Thats great! But how do I actually use that? I mean how do I give it the inputs.

Place the chip on the main body of your contraption facing “forward”, link the motor entity to an entity marker, and give it an input. It should rotate.

You have 4 variables you can tweak - Fam for the force amount multiplier, and the PID loop.

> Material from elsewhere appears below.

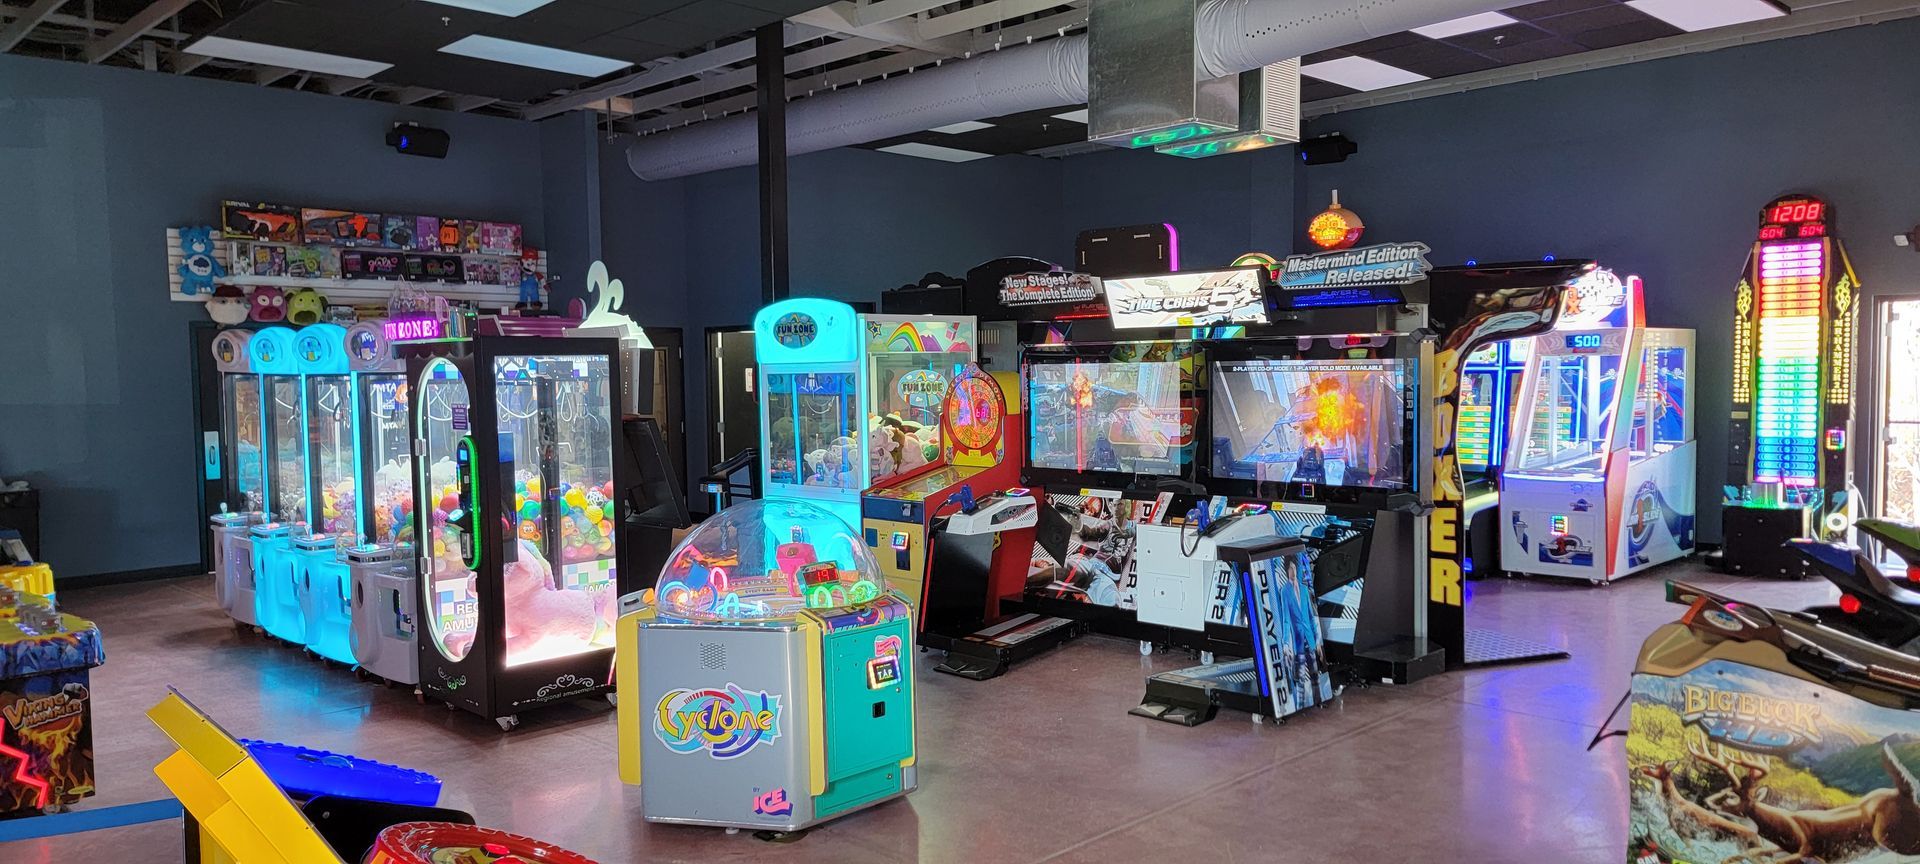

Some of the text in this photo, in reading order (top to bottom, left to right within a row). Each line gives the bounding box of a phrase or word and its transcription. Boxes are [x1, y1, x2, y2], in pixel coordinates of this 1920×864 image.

If you just want it to output relative angle differences so you can do your own force setup, you can set Fam to 0, and read the outputs Pot (0-360 relative to the chip’s “up” direction) and Offset (-180 to 180 relative to the chip’s “up” direction) to do whatever stuff you need it to do.

Ha, just kidding, the applyTorque setup for this flips rotation if you yaw it beyond -180 to 180. The Pot, Damp, and Offint values are fine, it’s just applytorque fucking up.

``````

@name Latch/Motor
@inputs [Motor]:entity Target Active
@outputs Pot Offset FAMT Debug:vector
@persist [DMF DMU Motf Motu]:vector
@persist Af Au Offset Offint Damp TVar
#tweaks
@persist Fam P I D
@trigger

interval(10)

if(first() | dupefinished())
{
#Motor forward/Motor Up
DMF = Motor:toLocal(Motor:pos() + entity():forward() * 200)
DMU = Motor:toLocal(Motor:pos() + entity():up() * 200)
Fam = 1 # Force amount

P = 1 # Proportional Amount
I = 0 # Integral Amount
D = 5 # Derivative Amount
}

Motf = (Motor:toWorld(DMF) - Motor:pos()):normalized()
Motu = (Motor:toWorld(DMU) - Motor:pos()):normalized()

Af = acos(clamp(Motf:dot(entity():up()), -1, 1))
Au = acos(clamp(Motu:dot(entity():up()), -1, 1))

Pot = Au * (Af >= 90) + (360 - Au) * (Af < 90)

Offset = angnorm((Target % 360) - Pot)

if(!(Motor:isFrozen()) & Active)
{
Offint += Offset * 0.01
}
else
{
Offint = 0
}

Damp = angnorm(\$Pot * -1)

Motor:applyOffsetForce(Active * (P * Offset + I * Offint + D * Damp) * -Fam * entity():up() * Motor:mass(), Motor:massCenter() + entity():forward() * 100)
Motor:applyOffsetForce(Active * (P * Offset + I * Offint + D * Damp) * Fam * entity():up() * Motor:mass(), Motor:massCenter() - entity():forward() * 100)

Debug = Motf

FAMT = P * Offset + I * Offint + D * Damp

Debug = vec(Offset, Offint, Damp)

``````

This’ll work as intended with respect to the actual rotational motion.